Species demarcation criteria in the genus
In the genus Okavirus, differences in genome organization and biological properties of the six assigned genotypes detected in P. monodon shrimp appear insufficient to warrant their demarcation into separate species. Evidence of genetic recombination between genotypes also indicates that all should be classified as a single species.
List of species in the genus Okavirus
Gill-associated virus - Australia
Yellow head virus
Species names are in italic script; names of strains and isolates are in roman script. Sequence accession numbers [ ] and assigned abbreviations ( ) are also listed.
List of other related viruses which may be members of the genus Okavirus but have not been approved as species
Phylogenetic relationships within the family
Phylogenetic analyses of a partial ORF1b gene sequence has clustered okaviruses into six distinct genotypes numbered 1 (YHV), 2 (GAV), 3, 4, 5 and 6 (Figure 3). Genotype 1, 2, 3 and 5 viruses have been detected in P. monodon from various locations in Southeast Asia, but genotypes 2, 4 and 6 are the sole genotypes thus far detected in P. monodon from Australia, India and eastern Africa, respectively. There is evidence of naturally occurring genetic recombination involving genotypes 1 (YHV), 2 (GAV), 3 and 5.

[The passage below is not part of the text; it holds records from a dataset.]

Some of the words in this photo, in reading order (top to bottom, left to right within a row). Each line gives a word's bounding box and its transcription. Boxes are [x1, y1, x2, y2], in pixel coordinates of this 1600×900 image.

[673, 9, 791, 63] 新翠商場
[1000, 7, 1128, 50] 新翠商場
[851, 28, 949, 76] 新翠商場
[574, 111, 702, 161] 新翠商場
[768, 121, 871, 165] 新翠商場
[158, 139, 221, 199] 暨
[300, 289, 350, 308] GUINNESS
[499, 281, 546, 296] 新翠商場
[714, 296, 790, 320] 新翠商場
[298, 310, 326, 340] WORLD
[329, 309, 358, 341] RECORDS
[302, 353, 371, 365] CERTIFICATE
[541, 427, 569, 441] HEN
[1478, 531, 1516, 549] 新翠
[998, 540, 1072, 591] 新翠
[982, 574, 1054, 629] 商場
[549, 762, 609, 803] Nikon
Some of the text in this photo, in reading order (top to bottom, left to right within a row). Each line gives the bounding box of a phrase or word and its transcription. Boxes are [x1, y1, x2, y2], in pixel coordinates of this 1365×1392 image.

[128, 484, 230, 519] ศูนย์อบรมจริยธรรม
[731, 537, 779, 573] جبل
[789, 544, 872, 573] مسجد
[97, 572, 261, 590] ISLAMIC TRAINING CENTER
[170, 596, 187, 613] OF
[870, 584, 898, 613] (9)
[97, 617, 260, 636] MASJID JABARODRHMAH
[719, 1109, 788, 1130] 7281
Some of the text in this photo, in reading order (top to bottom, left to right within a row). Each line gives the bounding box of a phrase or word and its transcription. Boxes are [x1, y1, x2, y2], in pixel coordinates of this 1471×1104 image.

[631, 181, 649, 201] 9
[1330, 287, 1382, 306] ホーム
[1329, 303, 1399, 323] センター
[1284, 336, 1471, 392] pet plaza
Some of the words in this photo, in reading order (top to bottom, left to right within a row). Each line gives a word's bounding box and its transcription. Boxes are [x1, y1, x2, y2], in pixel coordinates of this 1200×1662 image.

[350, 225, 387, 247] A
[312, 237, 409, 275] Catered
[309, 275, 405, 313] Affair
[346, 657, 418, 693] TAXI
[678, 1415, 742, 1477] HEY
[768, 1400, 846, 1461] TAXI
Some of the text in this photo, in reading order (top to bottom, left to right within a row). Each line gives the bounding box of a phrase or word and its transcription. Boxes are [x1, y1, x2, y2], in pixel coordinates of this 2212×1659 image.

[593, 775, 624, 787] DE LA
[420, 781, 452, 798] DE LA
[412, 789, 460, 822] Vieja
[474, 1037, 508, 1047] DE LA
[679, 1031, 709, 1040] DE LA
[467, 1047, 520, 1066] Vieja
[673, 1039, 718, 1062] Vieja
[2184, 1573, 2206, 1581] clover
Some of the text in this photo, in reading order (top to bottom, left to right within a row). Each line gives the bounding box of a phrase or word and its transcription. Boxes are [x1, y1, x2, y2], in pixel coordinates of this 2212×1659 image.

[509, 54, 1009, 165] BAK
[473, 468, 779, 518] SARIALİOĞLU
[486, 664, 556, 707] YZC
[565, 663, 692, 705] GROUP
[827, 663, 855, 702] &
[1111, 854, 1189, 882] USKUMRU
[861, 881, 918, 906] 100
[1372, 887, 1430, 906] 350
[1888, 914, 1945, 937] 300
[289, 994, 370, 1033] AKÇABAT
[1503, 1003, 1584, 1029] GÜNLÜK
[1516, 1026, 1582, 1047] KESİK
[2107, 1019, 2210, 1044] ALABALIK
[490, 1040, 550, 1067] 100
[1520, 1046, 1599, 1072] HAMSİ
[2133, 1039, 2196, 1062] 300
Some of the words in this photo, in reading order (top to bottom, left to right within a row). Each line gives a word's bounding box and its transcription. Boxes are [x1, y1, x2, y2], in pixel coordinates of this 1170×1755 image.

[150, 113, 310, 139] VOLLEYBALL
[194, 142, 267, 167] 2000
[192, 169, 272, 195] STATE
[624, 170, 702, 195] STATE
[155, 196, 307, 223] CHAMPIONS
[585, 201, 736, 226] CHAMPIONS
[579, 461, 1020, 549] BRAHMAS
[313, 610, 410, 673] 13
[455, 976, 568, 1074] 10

Similarity with other taxa
Similarities in the genome size and organization, sequences of core replicase proteins and the sgmRNA transcription strategy used by roniviruses clearly link them to other members of the order Nidovirales. The RNA pseudoknot component of the −1 ribosomal frameshift in the ORF1a/1b gene overlap resembles the gag/pol pseudoknots of some retroviruses. The structure and substrate specificity of the pp1ab chymotrypsin-like cysteine proteinase (3CLpro) bridges phylogenetic distinctions between the corresponding proteinases of coronaviruses and plant potyviruses.
Derivation of names
Roni: from rod-shaped nidovirus referring to the virion morphology of viruses in the family.
Oka: refers to the lymphoid or so named “oka” organ, an anatomical structure common to penaeid shrimp, and which is a site of virus replication and pathology in both subclinical and acute infections.